Curve fitting for a complex function with 4 parameters

I try to fit the coefficients in my curve equation to the experimental data using curve_fit from scipy.optimize and the code works fine with various equations (straight line, quadratic, cubic function), but I get an error when I try to fit my equation to a curve:

RuntimeError: Optimal parameters not found: Number of calls to function has reached maxfev = 10000.`

the equation looks like this coefficients a, b, c, d need to be matched

my code:

import math as m
import matplotlib.pyplot as plt
import numpy as np
from scipy.optimize import curve_fit

x = np.array([1.8652, 1.8966, 1.9125, 1.9230, 1.9313, 1.9359, 1.9435, 1.9523, 1.9585, 1.9649])
y = np.array([-0.0597, -0.0596, -0.0607, -0.0617, -0.0628, -0.0637, -0.0646, -0.0658, -0.0668, -0.0677])

fig=plt.figure()
ax = fig.add_subplot(1, 1, 1)
ax.plot(x, y, 'ko')
plt.xlabel('x') 
plt.ylabel('y')
plt.scatter(x, y)
plt.grid() 
plt.show()


def f(x, a, b, c, d):
    return (np.log10((((2*(((a*b*(m.exp(1)**((-0.5)*38.94336875*x)))*(1-(m.exp(1)**(2*38.94336875*x))))/((a+b)+(c+d)*(m.exp(1)**(38.94336875*x)))))*96485)/(0.000035))))
args, _ = curve_fit(f, x, y, maxfev=10000)

print('args (a, b, c, d):', args)


args, _ = curve_fit(f, x, y, maxfev=10000) 
a, b, c, d = args[0], args[1], args[2], args[3]
y_fit1 = (np.log10((((2*(((a*b*(m.exp(1)**((-0.5)*38.94336875*x)))*(1-(m.exp(1)**(2*38.94336875*x))))/((a+b)+(c+d)*(m.exp(1)**(38.94336875*x)))))*96485)/(0.000035))))
plt.plot(x, y, 'bo', label="y - experiment") 
plt.plot(x, y_fit1, label="function")
plt.xlabel('x') 
plt.ylabel('y') 
plt.legend(loc = 'best', fancybox = True, shadow = True) 
plt.grid(True) 
plt.show()

I tried increasing the number of iterations to 10,000,000 but I get the same error. I also got rid of the logarithm in the equation, but still got the same error.

Solution

First try not to increse maxfev as reaching the iteration limit typically tells you that something is going wrong with your fit. Typical cases are that either your fit function cannot reproduce your lineshape at all or the starting values for the fit does not allow the fit to reach a nice fitting of the curve, either because they shoot in the wrong direction or get trapped in a local minimum.

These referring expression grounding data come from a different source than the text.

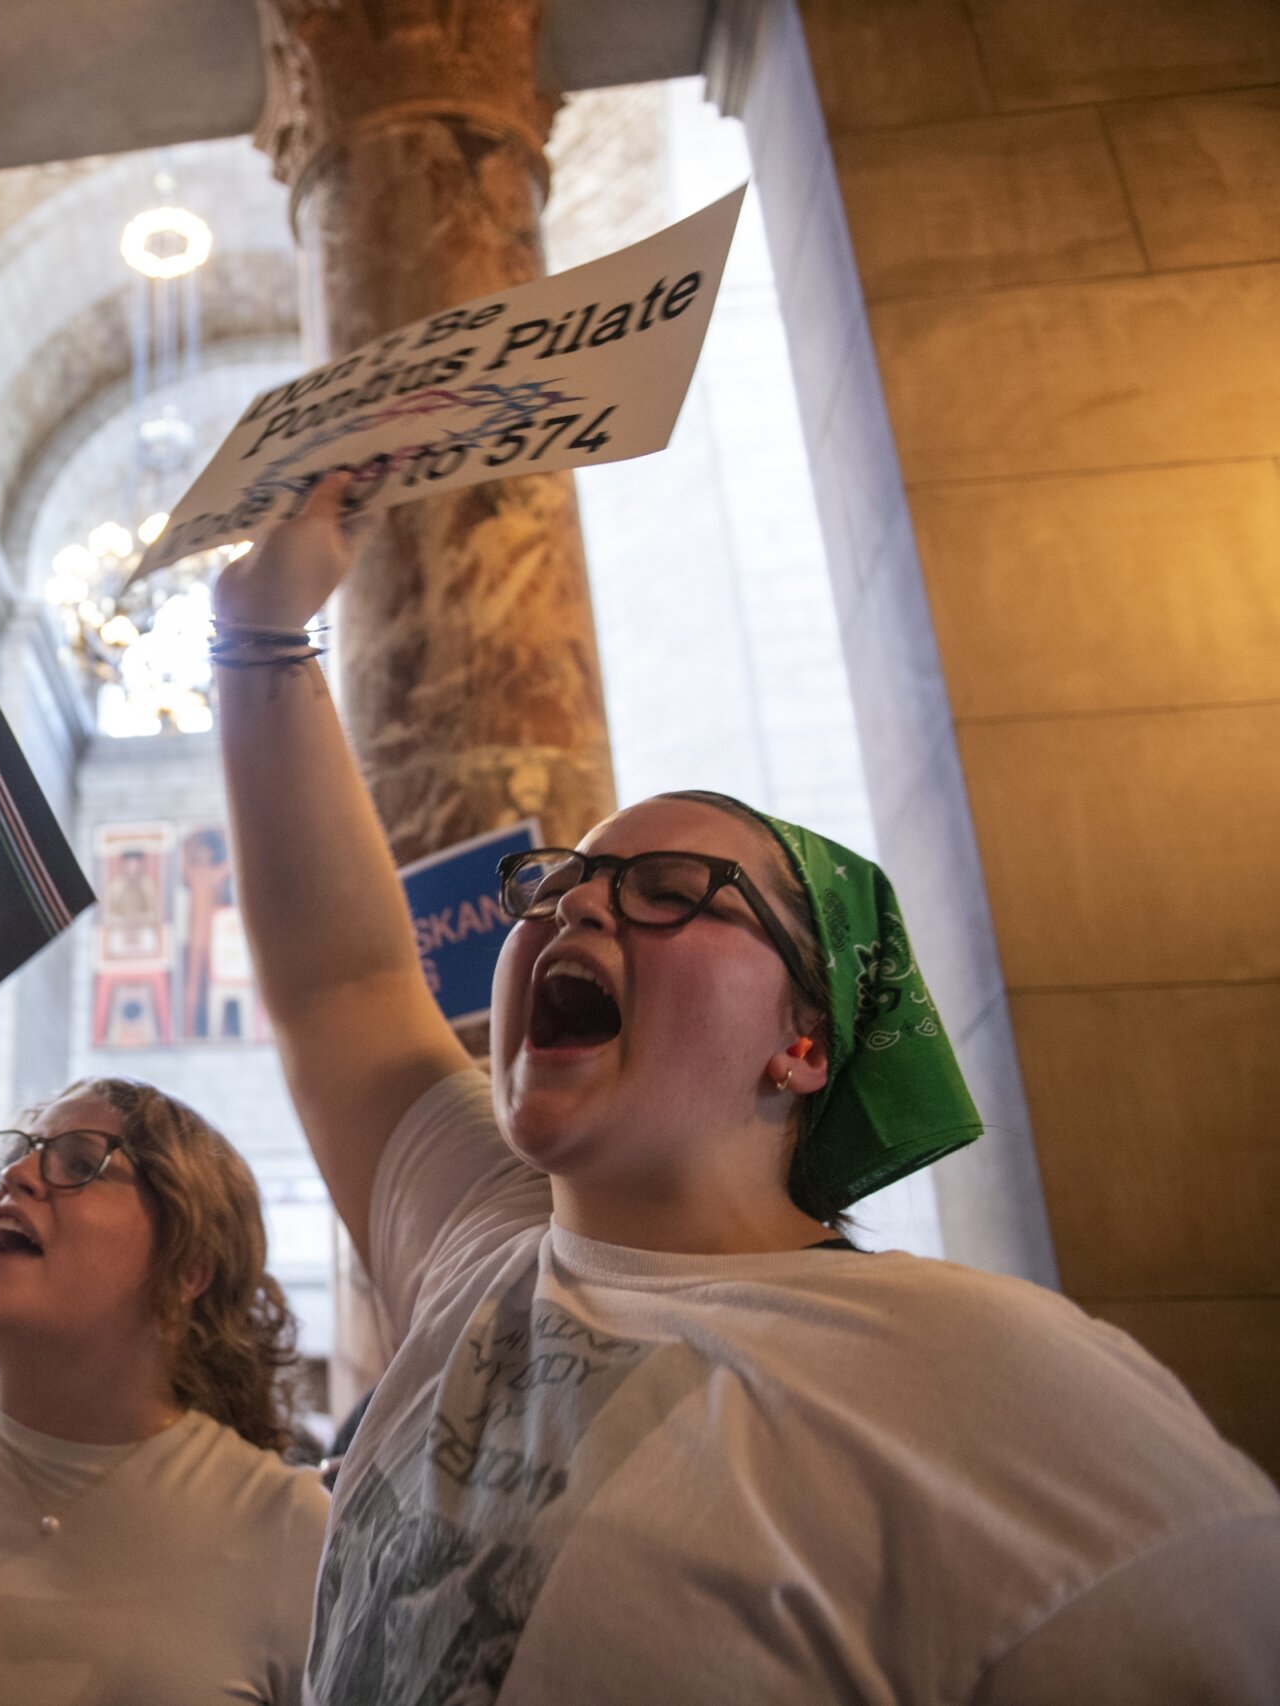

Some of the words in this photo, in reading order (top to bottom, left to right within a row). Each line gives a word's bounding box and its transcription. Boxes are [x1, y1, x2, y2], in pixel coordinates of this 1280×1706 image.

[410, 303, 508, 350] Be
[241, 347, 479, 460] Pontius
[482, 270, 703, 371] Pilate
[483, 405, 619, 467] 574
[414, 895, 511, 950] SKAN
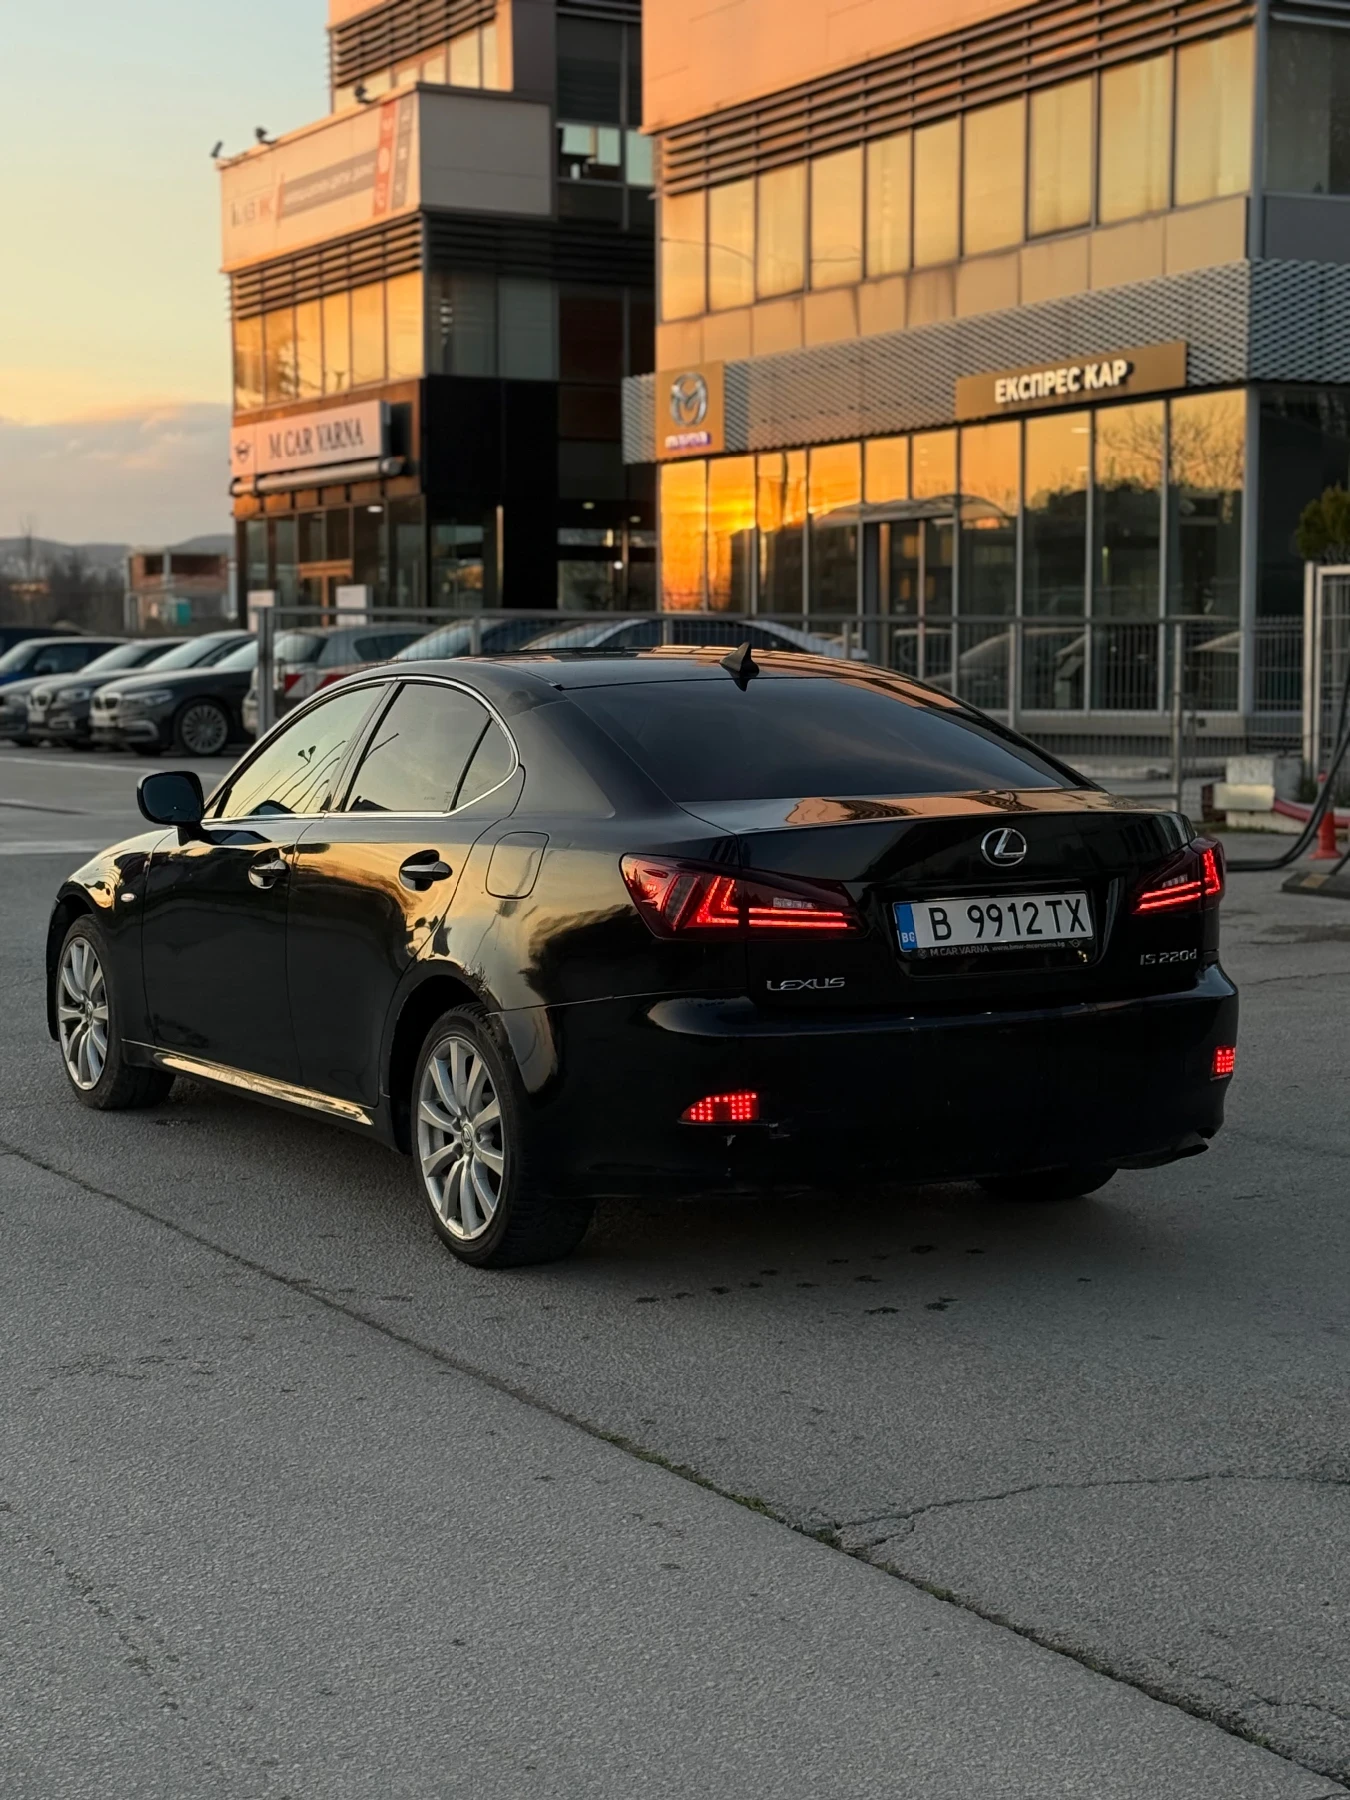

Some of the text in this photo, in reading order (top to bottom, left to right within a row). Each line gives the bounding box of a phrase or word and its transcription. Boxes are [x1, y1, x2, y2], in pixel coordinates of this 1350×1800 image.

[994, 359, 1128, 404] ЕКСПРЕС КАР
[284, 427, 314, 457] CAR
[316, 418, 364, 451] VARNA
[928, 906, 952, 941] B
[901, 931, 915, 944] BG
[940, 947, 959, 957] CAR
[959, 944, 990, 955] VARNA
[1140, 948, 1197, 966] IS 220d
[766, 977, 846, 991] LEXUS

Normaly you play around with good satring values and give them as a starting point to the fit:

myp0 = [a0, b0, c0, d0] # put good sarting values here
args, _ = curve_fit(f, x, y, p0 = myp0)

Looking at your formula, the first thing you should notice is, that c and d are not inependent! So first thing is to get rid of d.

Notice that you do several calculation in your fit function, you can pre compute it, use np.exp and simplify a bit:

def f(x, a, b, c):
    return np.log10(2756714285.714286*a*b*
                    np.exp(-19.471684375*x)*
                    (1-np.exp(77.8867375*x))/
                    ((a+b)+(c*np.exp(38.94336875*x))))

Now, note that due to the log, you can extract the constant in the beginning out of the log:

def f(x, a, b, c):
    return 9.44039 * np.log10(a*b* np.exp(-19.471684375*x)*
                              (1-np.exp(77.8867375*x))/
                              ((a+b)+(c*np.exp(38.94336875*x))))

This helps you to work out some good starting values. As we know the first data point is (1.8652, -0.0597), this tells you that at this point, the log should be approximatly -0,0063, so the inner part of the log10 must be approx. 0.9855.

With that we know that 0.9855 = a*b*1.6867e-16 * -1.2355e+63/((a+b)+(c*3.515e+31))

Here you already see, that the exp functions are exploding and everything is dominated by the -1.2355e+63 part. So it seems that something is very fishy with your fitting function and you should double check if it indeed makes sense for your dataset. If so continue to find good starting values for a, b, c.